The church, too, is affected. Services are still restricted and in some, prohibited. Where allowed, we gather with face masks on, without seeing each other’s smiles, without the shaking of hands, and without altar calls and laying on of hands. Where prohibited, we gather online, contenting ourselves with adjusted programs and virtual interactions.
Amidst all these, hard pressed though we may be, we are not crushed. After a year of fixing our eyes on our blessed hope—that is, the blessed hope of Christ’s return and the resultant joy of eternal communion with Him—we now exercise triumphant hope in the here and now.

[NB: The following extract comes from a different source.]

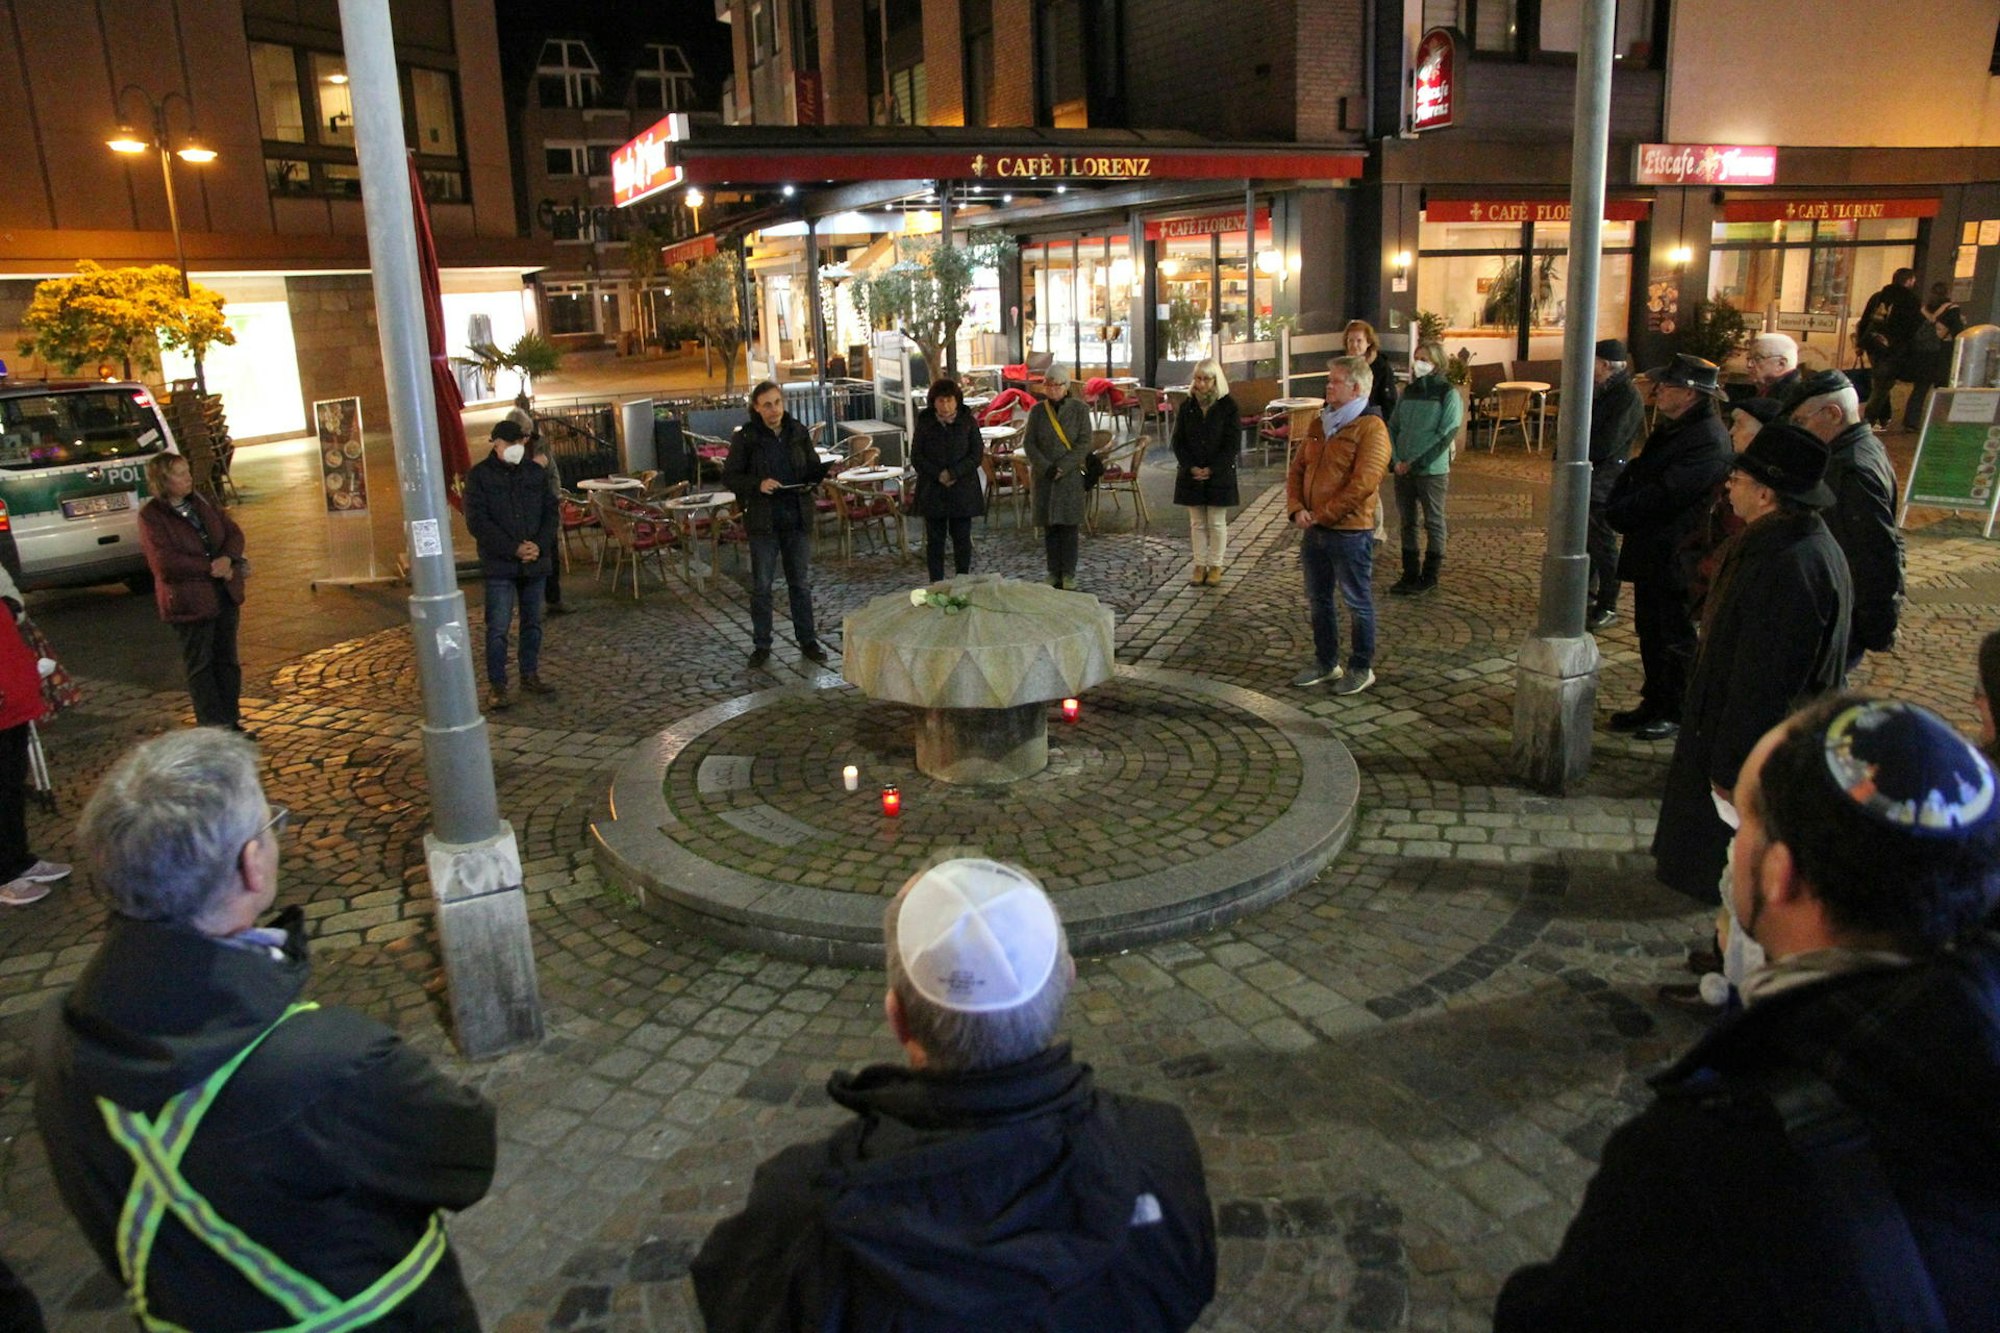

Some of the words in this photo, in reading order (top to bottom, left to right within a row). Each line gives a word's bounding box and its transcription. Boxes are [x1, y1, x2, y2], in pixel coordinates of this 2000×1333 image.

[1059, 157, 1151, 177] FLORENZ
[1644, 147, 1695, 182] Eiscafe
[1832, 203, 1885, 219] FLORENZ

We triumph in the hope that all our troubles and hardships will end. With us is the God who spoke the whole universe into being, for us is the God who stilled storms and healed multitudes, and in us is the God who Himself resurrected from the dead. We are certain. All our troubles and hardships will end.
But we are not just hoping for triumph to come. We are hoping with triumph. Ours is an active hope: not idle, but persisting, striving, fighting. We do not allow the troubles of life to bog us down and pull us under. Instead, we hold on, press on, soldier on—knowing that as we are being stretched, we are being strengthened… as we are being tested, we are being refined.
As we hope for triumph and wait with triumph, we also hope for other people’s triumph.
Having received, we now share and trumpet the same hope… to the sick, the needy, the weary, the burdened, the broken, and the lost. We evangelize and saturate our community, our workplace, and the different pillars of society. We minister, we serve, we reach out. We occupy until Jesus returns.
We hope for triumph, we hope with triumph, and we hope for others’ triumph. This is what it means to have God’s triumphant hope.